Les cent jours de Biden

Anthony Blinken
(Photo AFP)

La durée du mandat du quarante-sixième président des États-Unis étant de quatre ans, il n’y a aucune raison pour attendre de lui qu’il présente un premier bilan au bout de cent jours. Il ne semble pas non plus qu’il soit pressé outre mesure, le ton et l’orientation de son action étant dictés par son discours inaugural.
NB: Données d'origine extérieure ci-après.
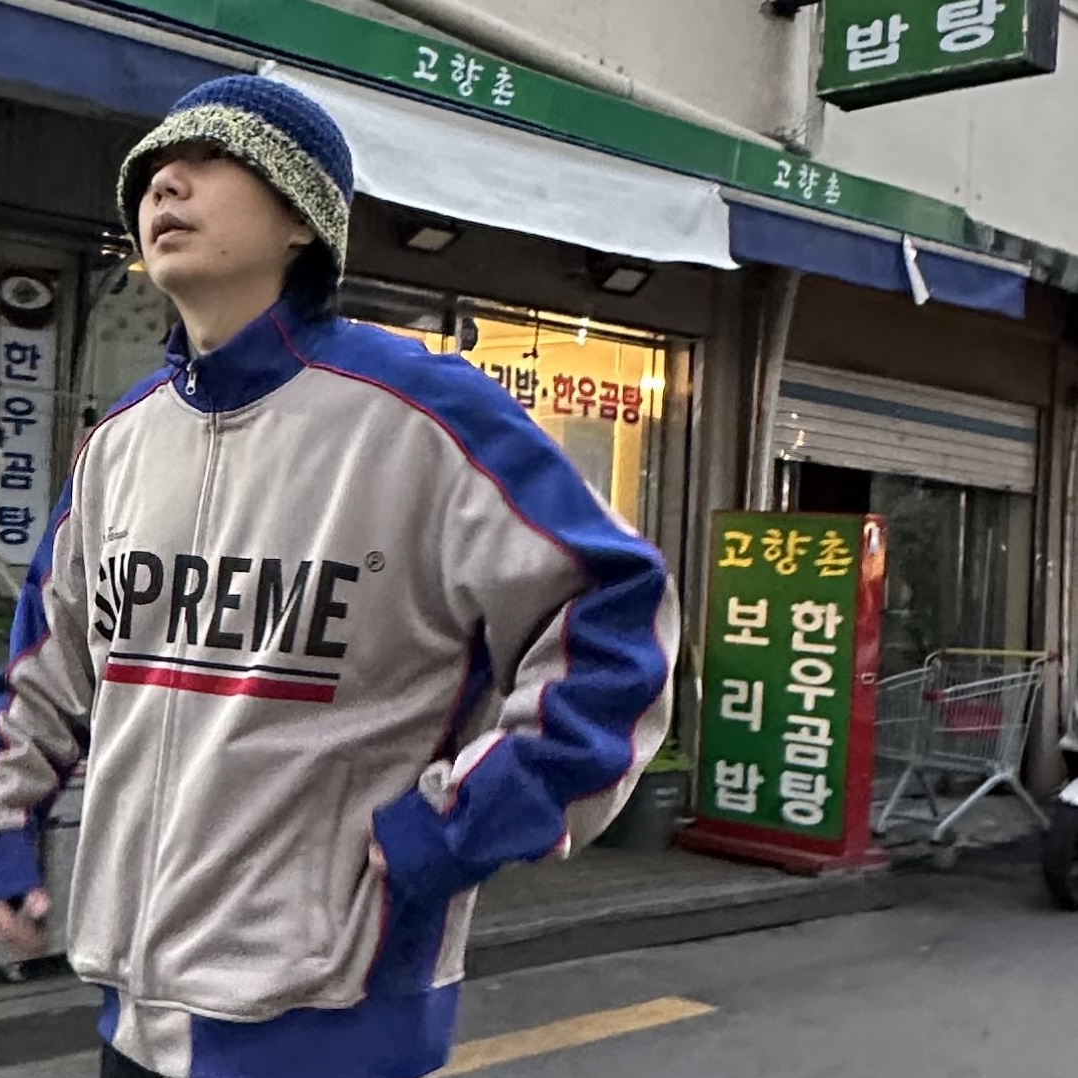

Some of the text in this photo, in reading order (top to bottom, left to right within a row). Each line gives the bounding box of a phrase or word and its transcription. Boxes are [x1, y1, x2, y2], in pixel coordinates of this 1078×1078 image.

[846, 14, 909, 71] 밥
[937, 0, 1005, 52] 탕
[413, 46, 515, 105] 고향촌
[773, 160, 841, 204] 고향촌
[553, 373, 642, 424] 한우곰탕
[718, 529, 853, 577] 고향촌
[715, 596, 770, 814] 보리밥
[780, 600, 843, 825] 한우곰탕
JOE BIDEN nous surprendra. Il s’est contenté d’exposer la vision qui déterminera son action. Elle est d’abord compassionnelle (« Je suis le président de tous les Américains »), mais ensuite, il entend rendre à l’Amérique ses responsabilités planétaires, son aura de grande puissance et sa principale vocation : la défense des intérêts de tous ces gens qui, par le monde, ne disposent de leurs libertés. Par exemple, on ne peut pas examiner le cas du dissident russe Alexei Navalny sans souhaiter que l’Europe et les États-Unis exercent sur Moscou des pressions qui le mettraient à l’abri de la répression féroce du pouvoir. Vladimir Poutine s’arrange très bien pour éloigner les limites du non-droit et réduire son pays à une simple dictature. Il mène contre ses dissidents une campagne cruelle, mais qui ne cesse d’alimenter la grogne des pays libres.

Déjà des décisions.

Bien sûr, c’est sur le territoire national que Joe Biden devra d’abord présenter des actions et quelques victoires : la priorité appartient au vaccin contre une pandémie qui a déjà fait des ravages sanitaires et économiques. Il est inutile de souligner l’ampleur de la tâche : l’Amérique a cent fois prouvé que, quand elle le veut, elle peur sortir assez vite d’une crise et il est courant de dire que le rebond économique sera encourageant cette année. La campagne vaccinale américaine commence avec un gros retard, dû à l’inanité de la politique sanitaire de Donald Trump, mais elle va rapidement gagner tous les États et dépassera les prouesses d’israël en la matière. Il n’a fallu ni cent jours ni dix pour que Biden plaque un moratoire sur la construction du mur avec le Mexique, pour qu’il allège sensiblement les règles régissant l’immigration et il presse le Congrès d’adopter son plan de relance de 1 900 milliards de dollars qui devrait passer sans encombre. Il a déjà lancé des signaux aux Européens, notamment à Emmanuel Macron : les deux présidents se sont parlé dimanche au téléphone, le Français approuvant sans réserves le travail déjà accompli par M. Biden.

Un homme d’expérience.

Joe Biden, en réalité, va plus vite que la musique. Il a rendu leur place aux États-Unis dans la conférence de Paris sur le climat et à l’Organisation mondiale de la santé (OMS). Il faudra plus de temps à la diplomatie américaine, dominée  désormais par cet homme d’expérience qu’est Anthony Blinken pour qu’elle apporte à une Otan incertaine la vocation qu’elle cherche dans une relative obscurité. Mais la direction est claire : le rôle de l’organisation atlantique est de maintenir la paix, en dépit de l’émergence de dictatures nombreuses et nouvelles, parfois nées du printemps arabe et parfois inspirées, comme Poutine, par la grandeur perdue de la Russie. La tâche est immense mais Poutine n’épouvante personne : la Russie décline depuis plusieurs années sur el plan économique et le danger, pour lui, c’est que les Russes, en définitive, jugent que les dénonciations du régime par Navalny sont justifiées. Le dissident vient de diffuser une vidéo montrant que le maître du Kremlin a des possessions pharaoniques dont il est incapable de justifier le financement.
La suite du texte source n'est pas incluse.